There is an excellent article in the February 24th, 2014 issue of Medical Economics entitled “Monopolizing Medicine-Why hospital consolidation may increase healthcare costs”.
The article summarizes the recent trend of hospitals buying physician practices and merging together at a rapid pace in an effort to (1) control more patient referrals and (2) increase prices.
Here are some statistics from the article:
- More than 105 hospital mergers occurred in 2012, double the rate from 5 years earlier.
- 58% of family practice physicians and 50% of general internists are employed by hospitals rather than private practices.
- Hospitals can charge Medicare an additional facility fee in addition to a professional fee for services performed at a physician practice that it has bought—claiming that practice to be part of its ‘Outpatient Department.’
- Reimbursement by Medicare to a hospital owned practice is 80% higher than an independent practice because of this additional facility fee.
- In 2011, Medicare paid out an additional $1.5 Billion on just two services—office visits and echocardiograms—because of hospitals billing the additional facility fee.
- The Robert Wood Johnson Foundation analyzed hospital mergers and found the following results: (1) hospital consolidation results in 20% higher prices in a given market and (2) hospital purchase of physician practices has not led to increased quality or reduced costs—there seems to be a lack of clinical integration following mergers or the purchase of physician practices.

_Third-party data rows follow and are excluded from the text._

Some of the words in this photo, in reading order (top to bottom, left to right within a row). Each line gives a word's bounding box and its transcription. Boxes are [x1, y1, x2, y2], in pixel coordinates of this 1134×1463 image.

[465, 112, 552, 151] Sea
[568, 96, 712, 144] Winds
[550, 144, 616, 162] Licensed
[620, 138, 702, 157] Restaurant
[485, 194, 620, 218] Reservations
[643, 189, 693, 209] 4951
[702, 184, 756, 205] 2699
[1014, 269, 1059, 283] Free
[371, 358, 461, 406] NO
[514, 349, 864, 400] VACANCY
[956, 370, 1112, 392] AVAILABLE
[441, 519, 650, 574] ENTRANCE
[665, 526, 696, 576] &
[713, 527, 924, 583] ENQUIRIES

Why all this activity now? Buying physician practices and merging hospitals started increasing in 2008 and really took off after the passage of Obamacare. PPACA and regulatory uncertainty seems to play a major part.
What does this mean for employee benefits professionals and healthcare consumers?

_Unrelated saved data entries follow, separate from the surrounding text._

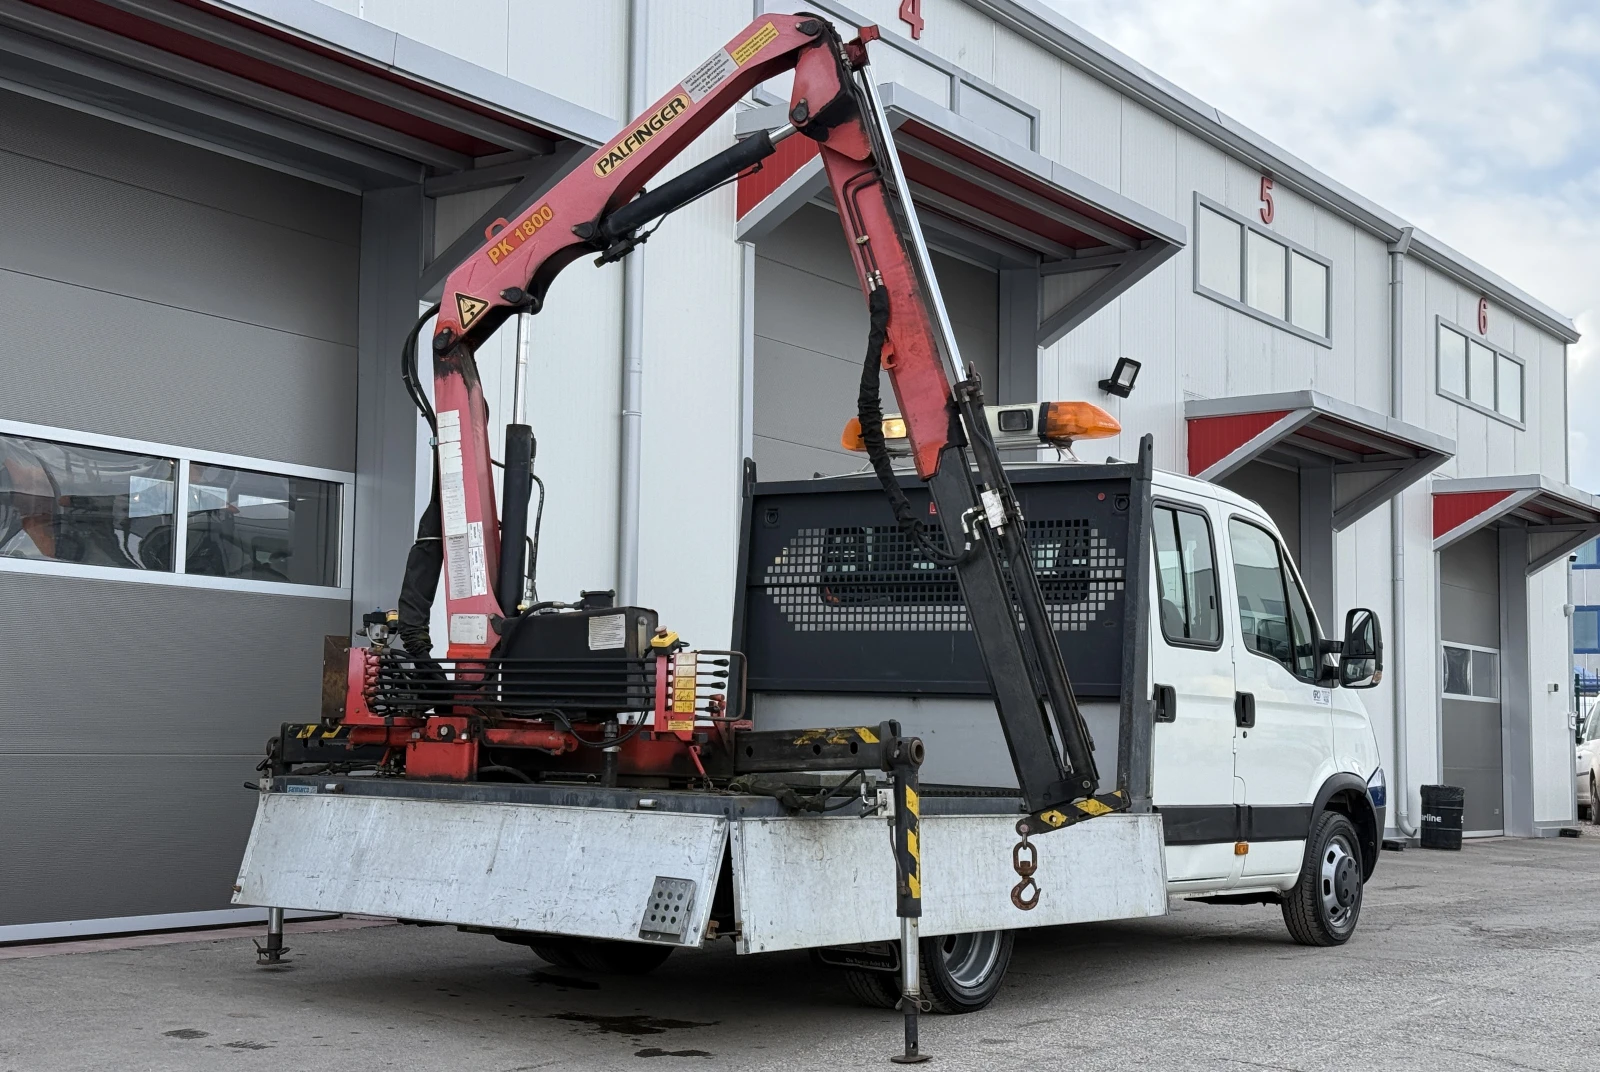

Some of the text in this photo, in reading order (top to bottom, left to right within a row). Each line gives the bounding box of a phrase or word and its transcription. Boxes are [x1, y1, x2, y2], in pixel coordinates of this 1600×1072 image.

[899, 0, 924, 40] 4
[597, 97, 686, 174] PALFINGER
[1260, 176, 1274, 224] 5
[487, 205, 553, 264] PK 1800
[1479, 297, 1488, 335] 6

- Once a healthcare consumer sees a PCP, he or she may be ‘locked in’ to a particular hospital system. So knowing associated costs for test and procedures in advance will be critical when choosing a physician.

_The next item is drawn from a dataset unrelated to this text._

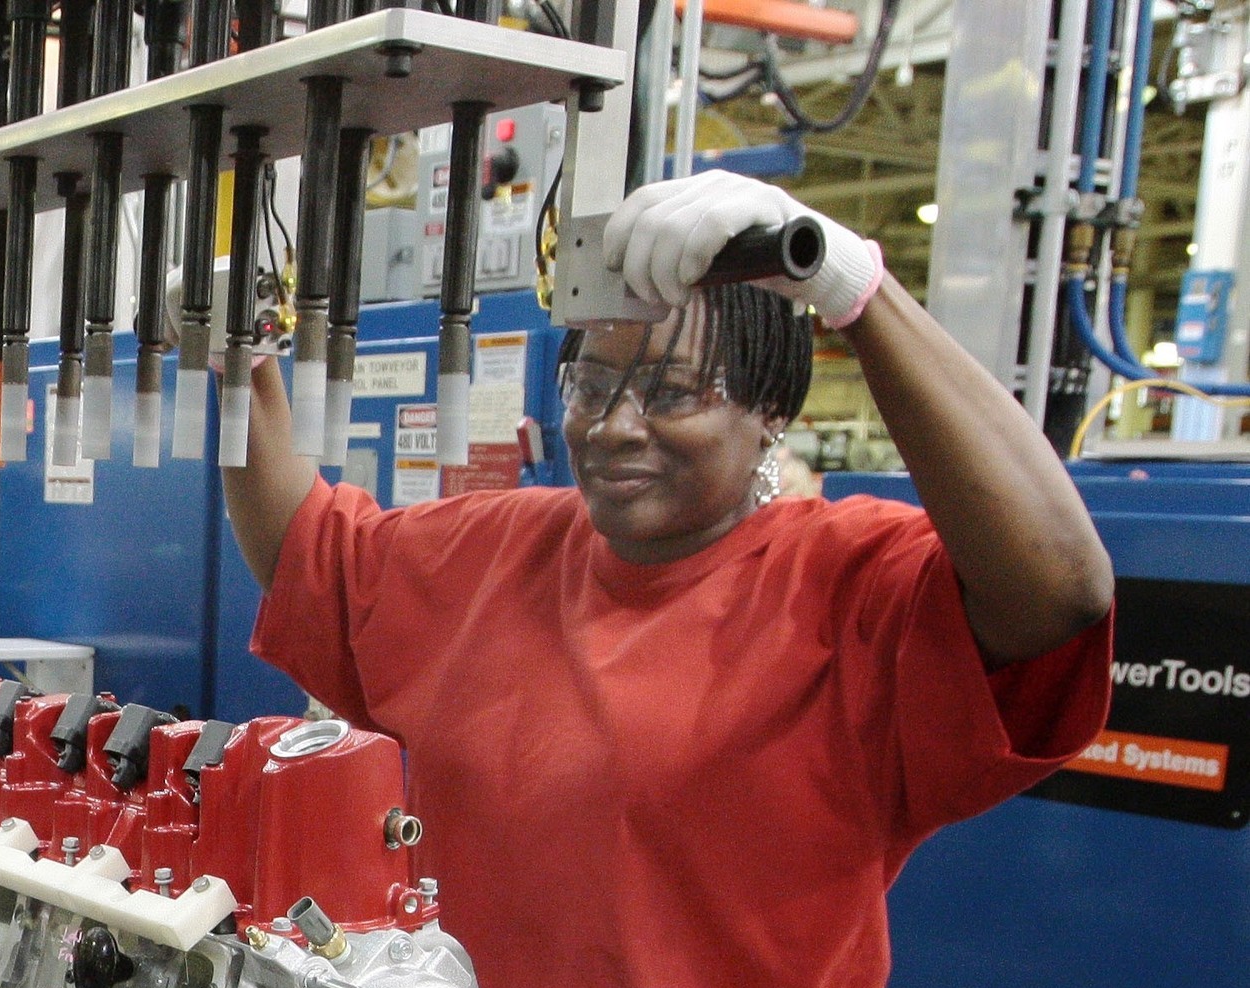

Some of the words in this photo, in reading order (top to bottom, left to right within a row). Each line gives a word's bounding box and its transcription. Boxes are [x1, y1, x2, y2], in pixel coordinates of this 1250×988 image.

- The number of independent physician practices will likely continue to decline and the physician landscape will look very different 5 years from now than it does today.
- Referrals to specialists or from specialists to PCPs are going to be less based on quality, convenience or price for the healthcare consumer—but rather based on the doctor being a part of the same hospital system. If you are referred, just be aware of what is going on ‘behind the scenes.’